____ DATA RECORDS

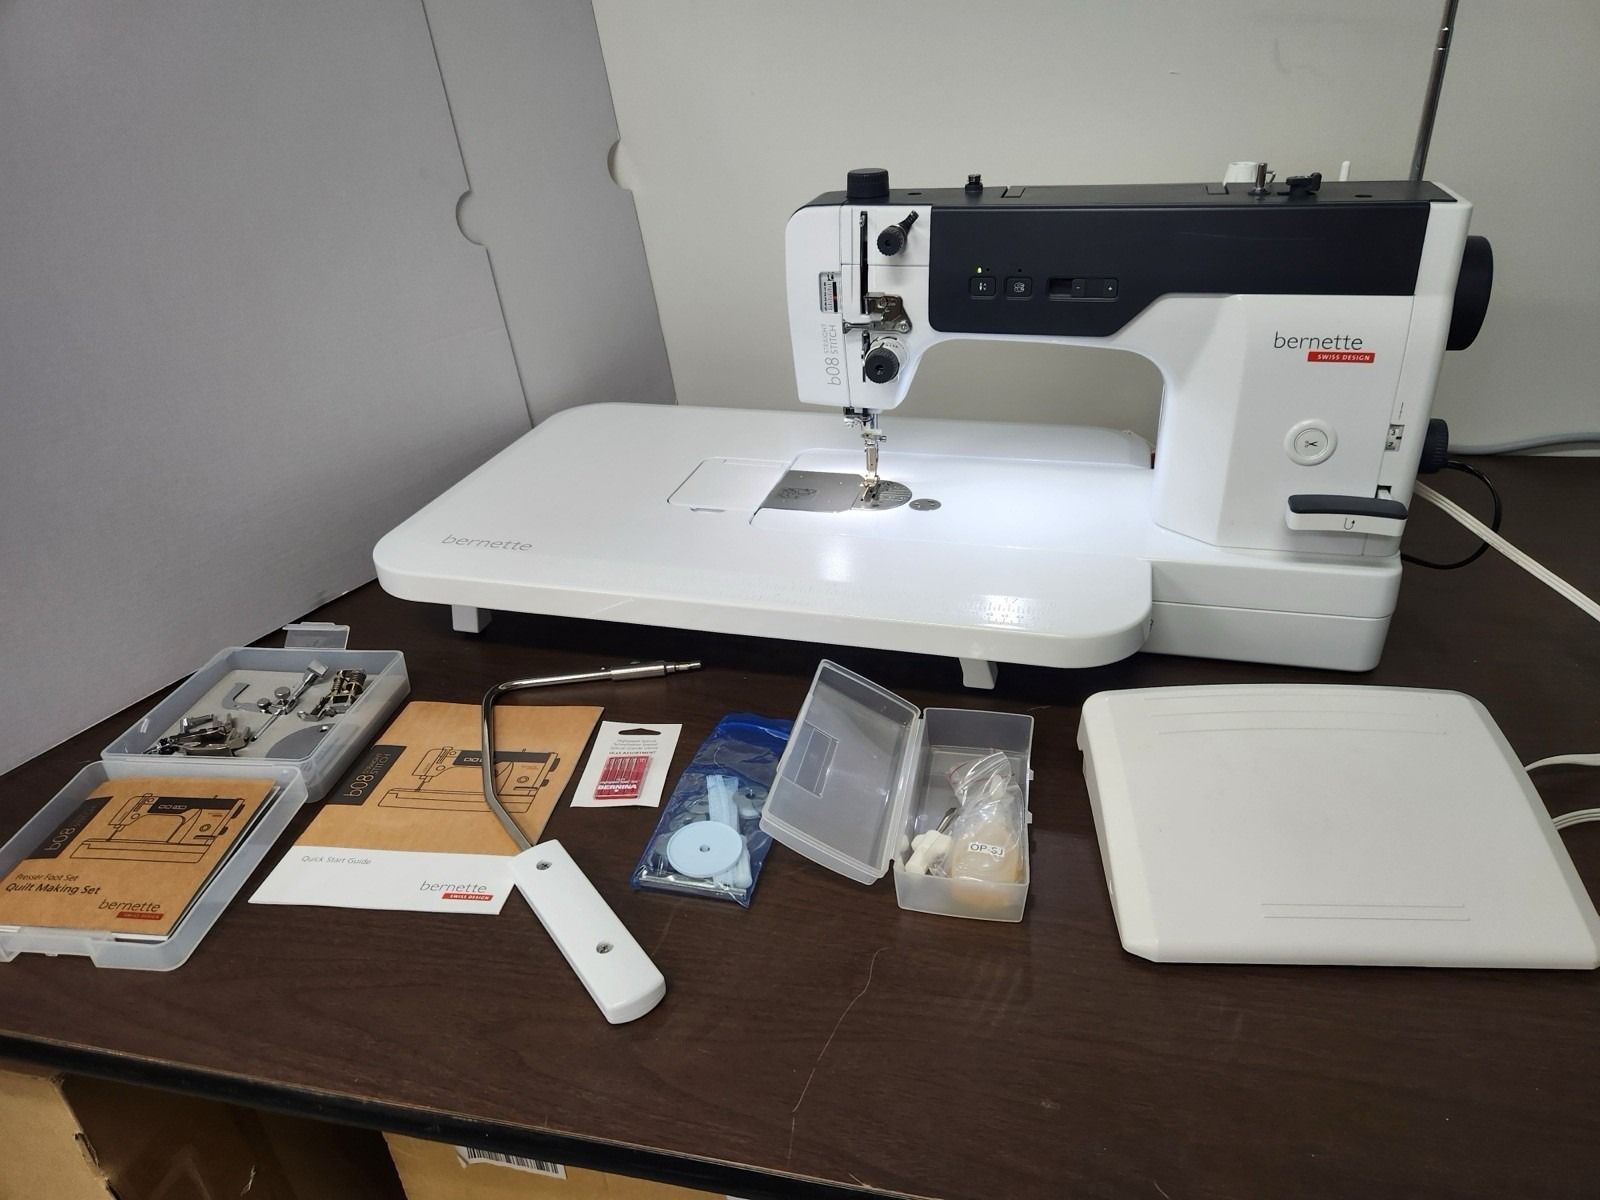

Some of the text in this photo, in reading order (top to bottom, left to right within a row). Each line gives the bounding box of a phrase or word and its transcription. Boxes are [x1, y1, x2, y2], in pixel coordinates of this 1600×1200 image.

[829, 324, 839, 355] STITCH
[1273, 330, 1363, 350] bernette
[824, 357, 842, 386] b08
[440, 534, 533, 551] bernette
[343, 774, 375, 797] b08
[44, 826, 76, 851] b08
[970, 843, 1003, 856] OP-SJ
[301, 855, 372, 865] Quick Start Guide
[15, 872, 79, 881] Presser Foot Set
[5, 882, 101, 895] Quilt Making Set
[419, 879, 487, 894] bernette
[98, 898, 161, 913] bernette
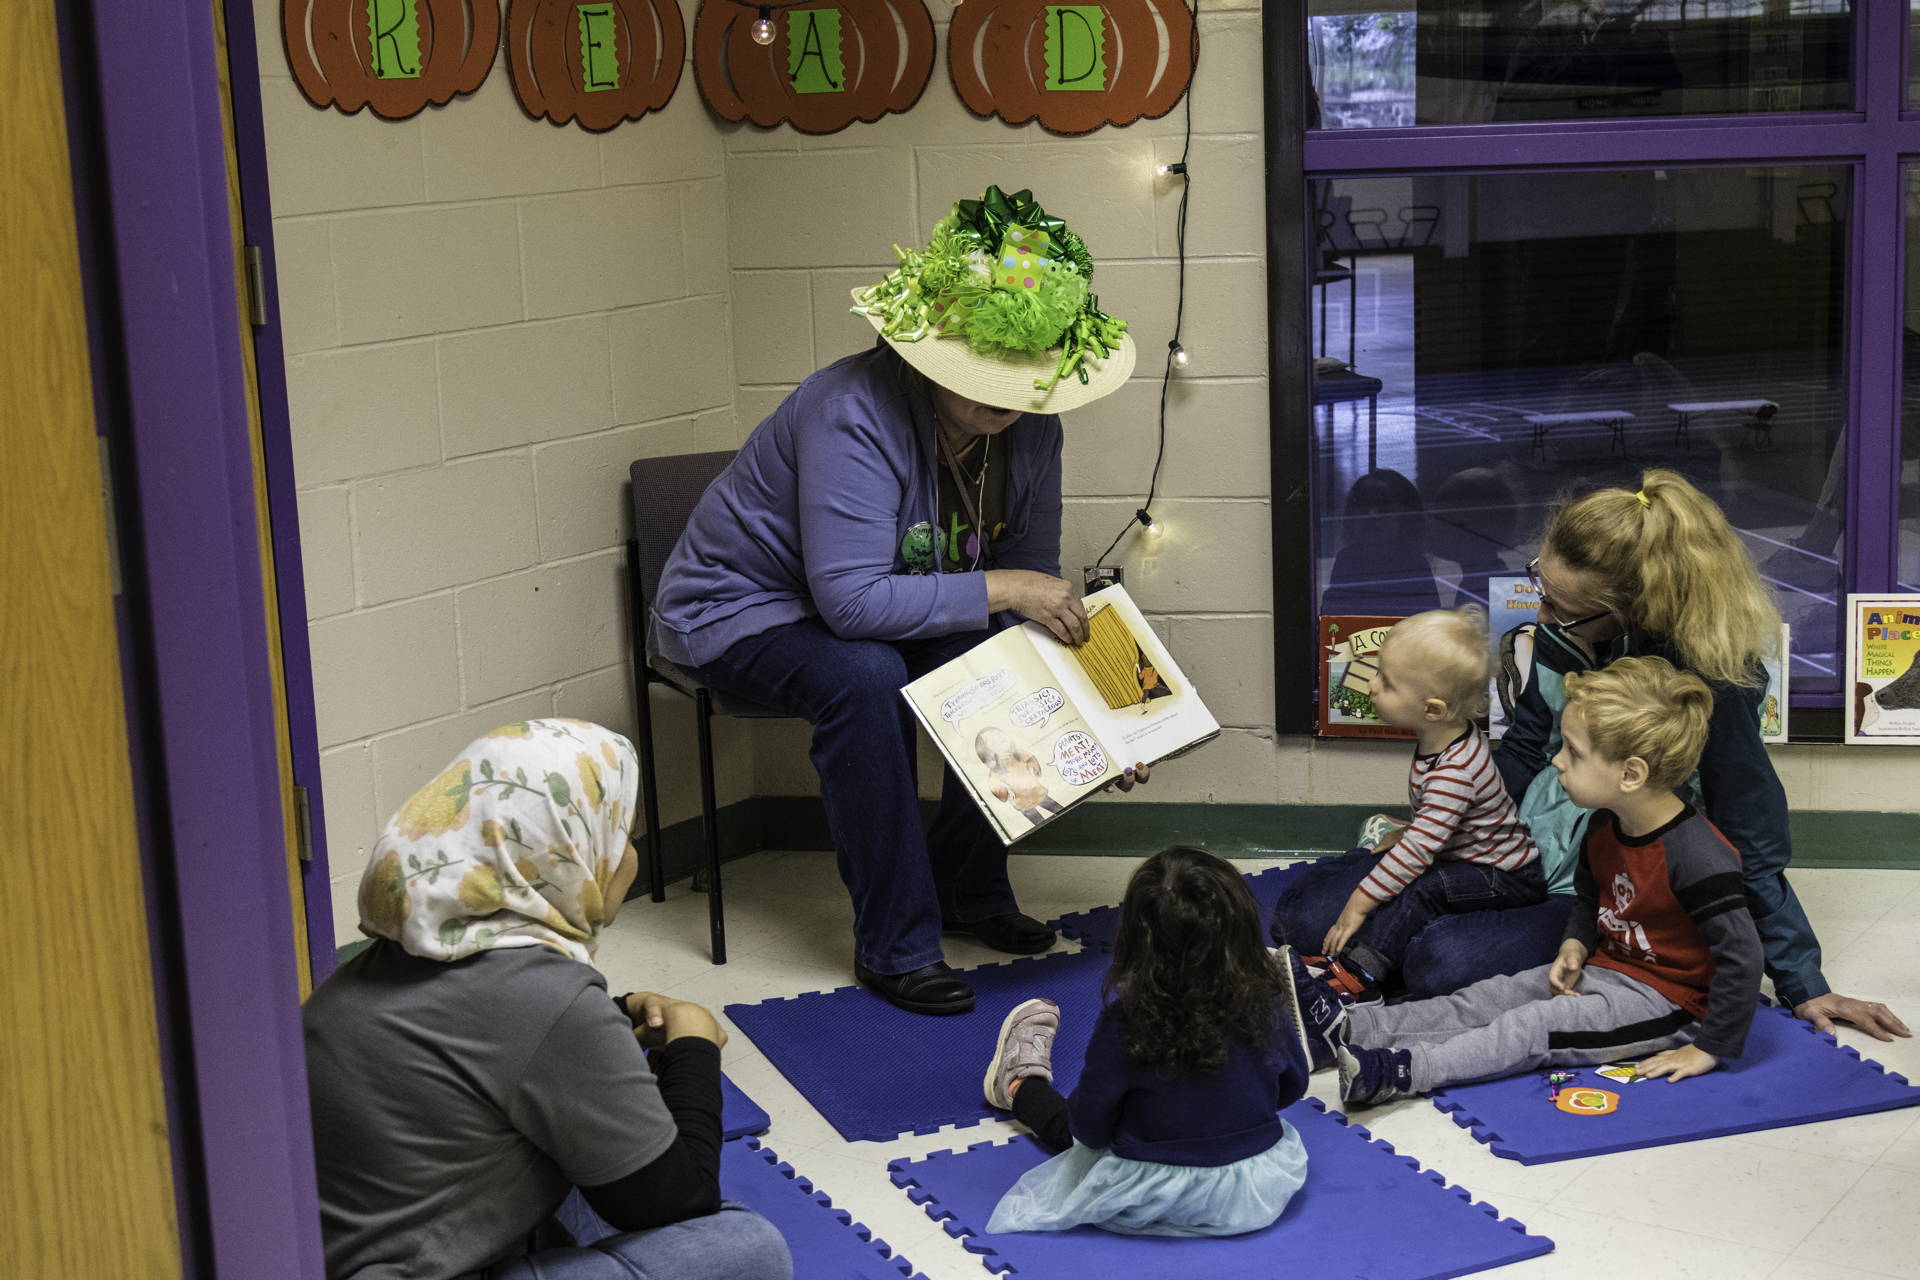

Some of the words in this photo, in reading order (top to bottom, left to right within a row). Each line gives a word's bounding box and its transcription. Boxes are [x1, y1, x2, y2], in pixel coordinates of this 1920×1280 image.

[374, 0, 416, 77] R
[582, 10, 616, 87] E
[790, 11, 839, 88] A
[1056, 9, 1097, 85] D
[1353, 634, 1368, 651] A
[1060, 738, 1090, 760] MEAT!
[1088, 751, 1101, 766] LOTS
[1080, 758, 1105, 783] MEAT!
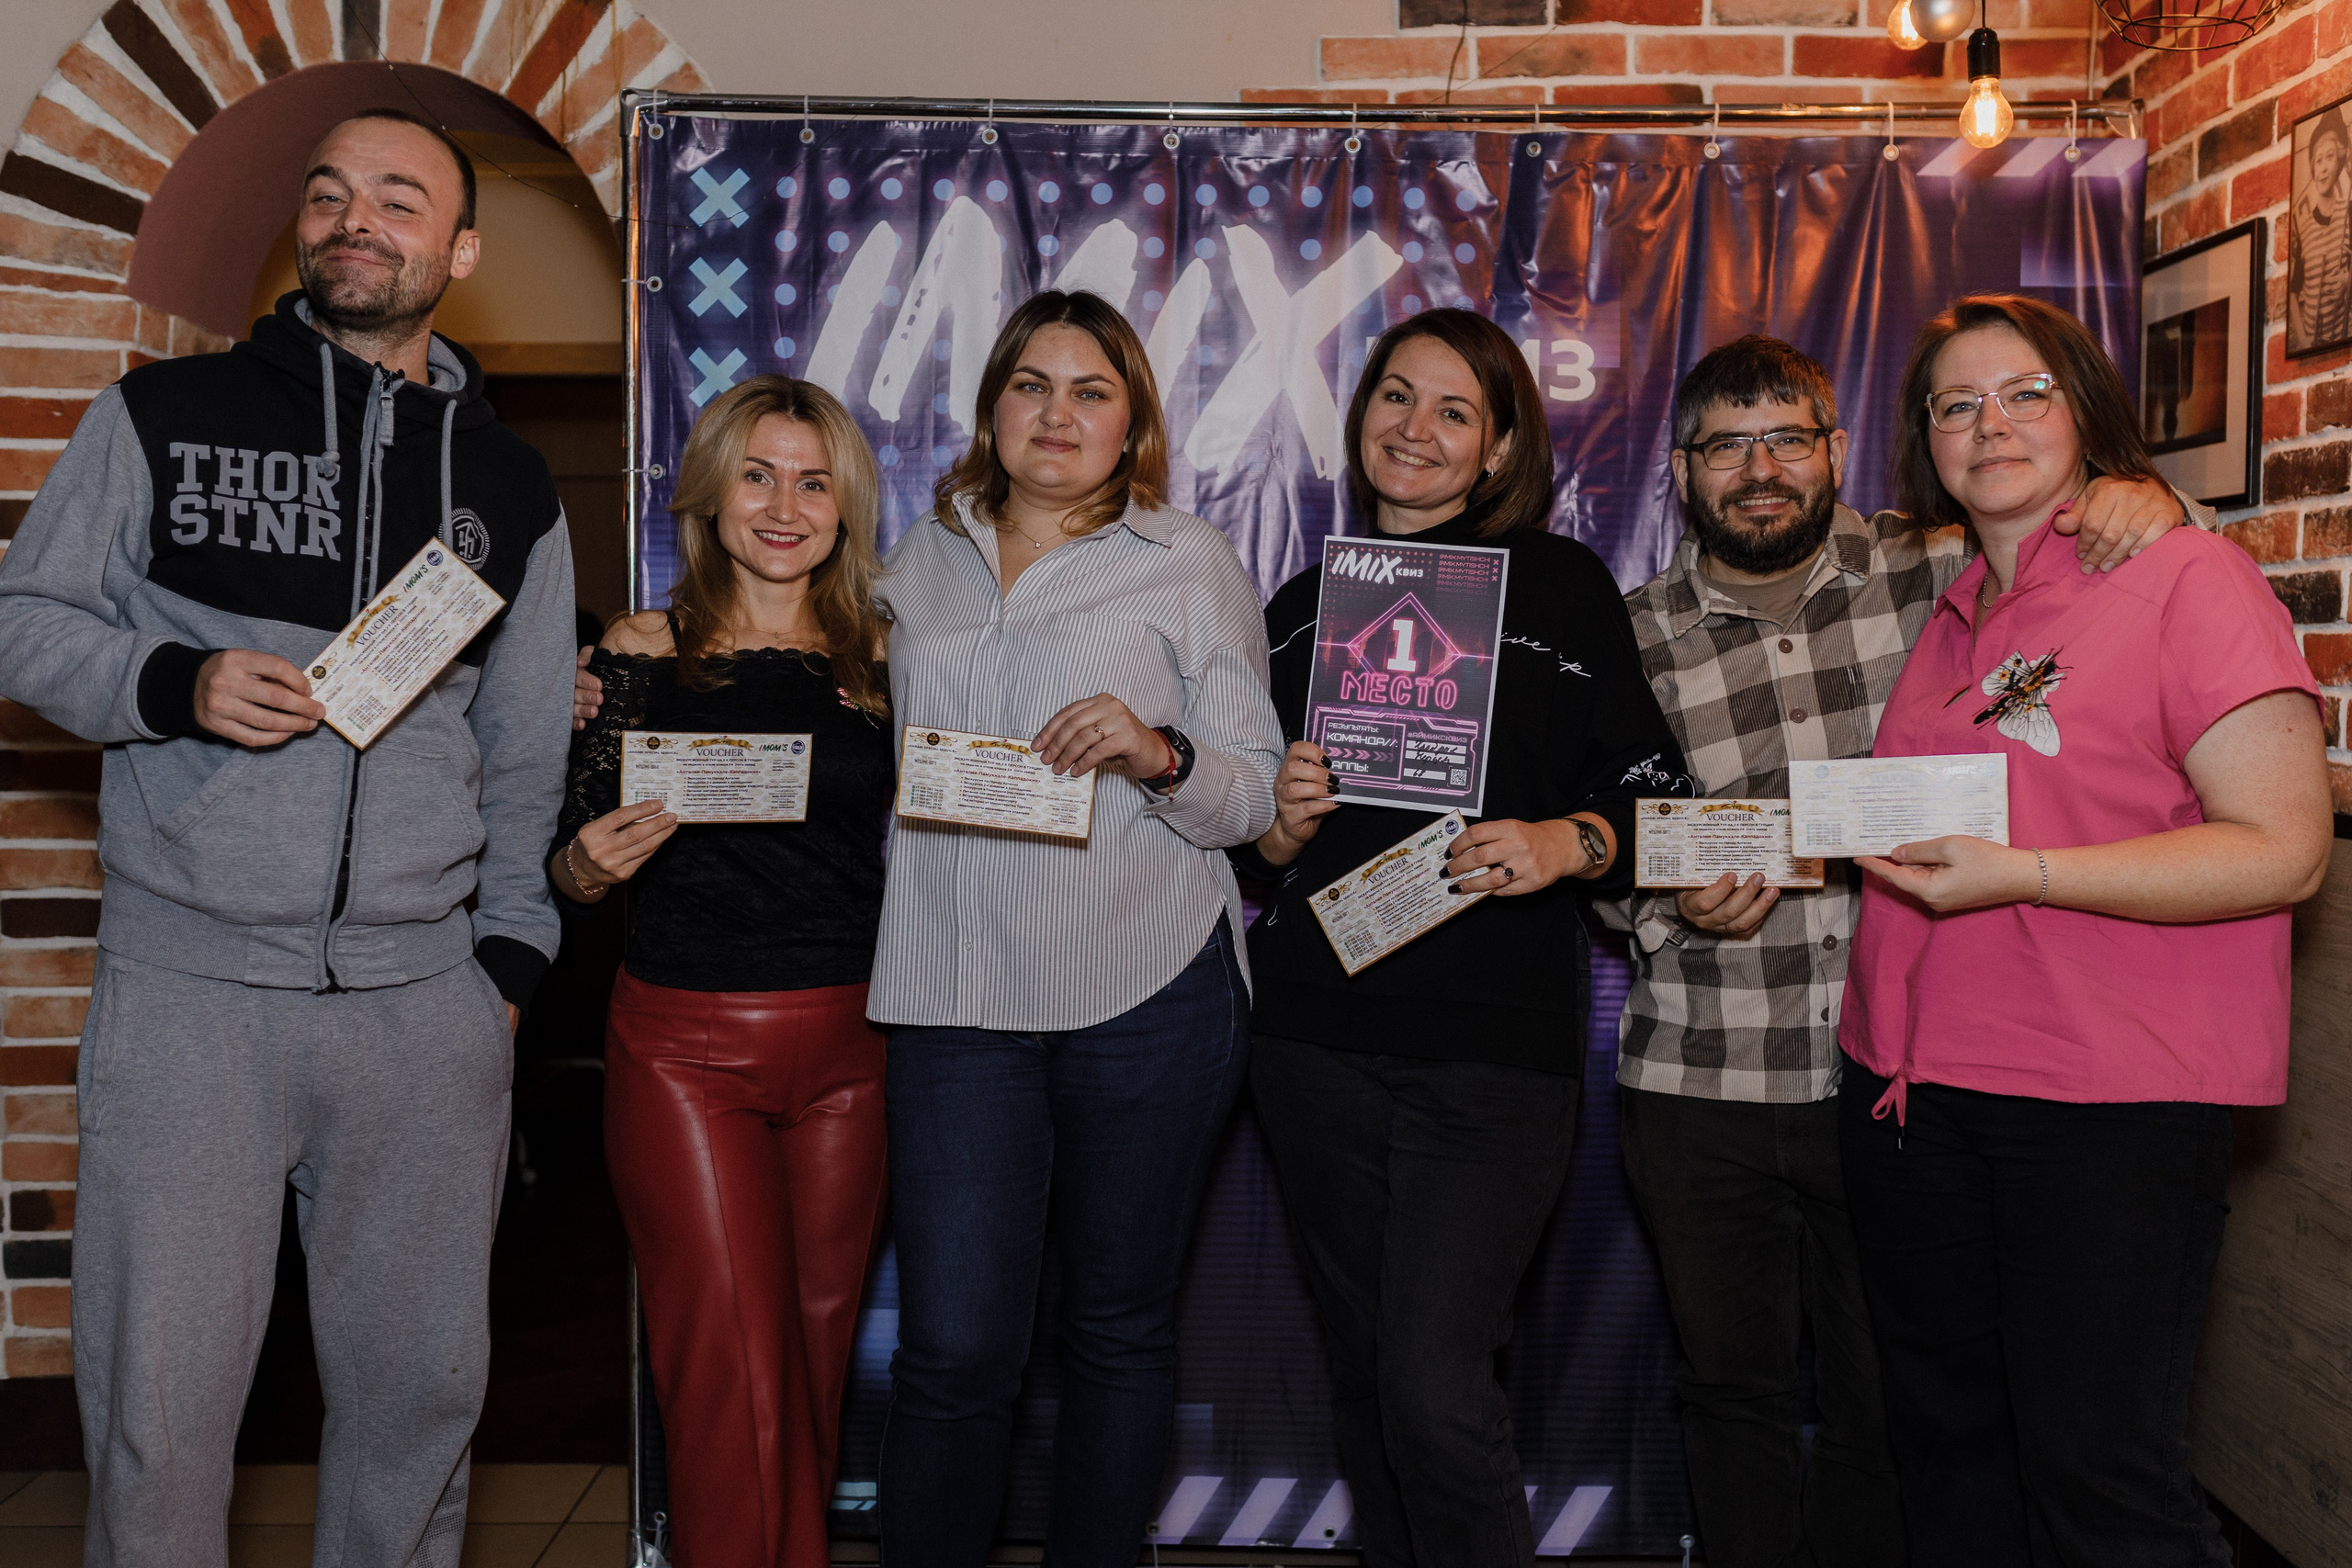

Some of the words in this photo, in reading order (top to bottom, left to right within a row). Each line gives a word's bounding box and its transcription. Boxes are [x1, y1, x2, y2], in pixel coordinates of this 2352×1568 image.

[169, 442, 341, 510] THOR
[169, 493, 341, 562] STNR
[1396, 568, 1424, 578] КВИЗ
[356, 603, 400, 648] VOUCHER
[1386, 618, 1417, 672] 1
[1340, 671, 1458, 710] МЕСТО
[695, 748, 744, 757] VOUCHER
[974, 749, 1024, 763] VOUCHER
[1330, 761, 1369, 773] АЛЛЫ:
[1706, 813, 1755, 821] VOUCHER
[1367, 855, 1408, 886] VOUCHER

________

» AIM OF THE EXERCISE: Take the entries above and set them down exactly, minus the pictures.

» SOLUTION BELOW:
Some of the text in this photo, in reading order (top to bottom, left to right within a row). Each line gives the bounding box of a phrase or word and its transcription. Boxes are [x1, y1, x2, y2], in pixel coordinates of this 1600×1200 image.

[829, 324, 839, 355] STITCH
[1273, 330, 1363, 350] bernette
[824, 357, 842, 386] b08
[440, 534, 533, 551] bernette
[343, 774, 375, 797] b08
[44, 826, 76, 851] b08
[970, 843, 1003, 856] OP-SJ
[301, 855, 372, 865] Quick Start Guide
[15, 872, 79, 881] Presser Foot Set
[5, 882, 101, 895] Quilt Making Set
[419, 879, 487, 894] bernette
[98, 898, 161, 913] bernette

Some of the words in this photo, in reading order (top to bottom, left to right within a row). Each line gives a word's bounding box and its transcription. Boxes are [x1, y1, x2, y2], in pixel coordinates of this 1920×1280 image.

[374, 0, 416, 77] R
[582, 10, 616, 87] E
[790, 11, 839, 88] A
[1056, 9, 1097, 85] D
[1353, 634, 1368, 651] A
[1060, 738, 1090, 760] MEAT!
[1088, 751, 1101, 766] LOTS
[1080, 758, 1105, 783] MEAT!

Some of the words in this photo, in reading order (top to bottom, left to right within a row). Each line gives a word's bounding box and its transcription. Boxes are [x1, y1, x2, y2], in pixel coordinates of this 2352×1568 image.

[169, 442, 341, 510] THOR
[169, 493, 341, 562] STNR
[1396, 568, 1424, 578] КВИЗ
[356, 603, 400, 648] VOUCHER
[1386, 618, 1417, 672] 1
[1340, 671, 1458, 710] МЕСТО
[695, 748, 744, 757] VOUCHER
[974, 749, 1024, 763] VOUCHER
[1330, 761, 1369, 773] АЛЛЫ:
[1706, 813, 1755, 821] VOUCHER
[1367, 855, 1408, 886] VOUCHER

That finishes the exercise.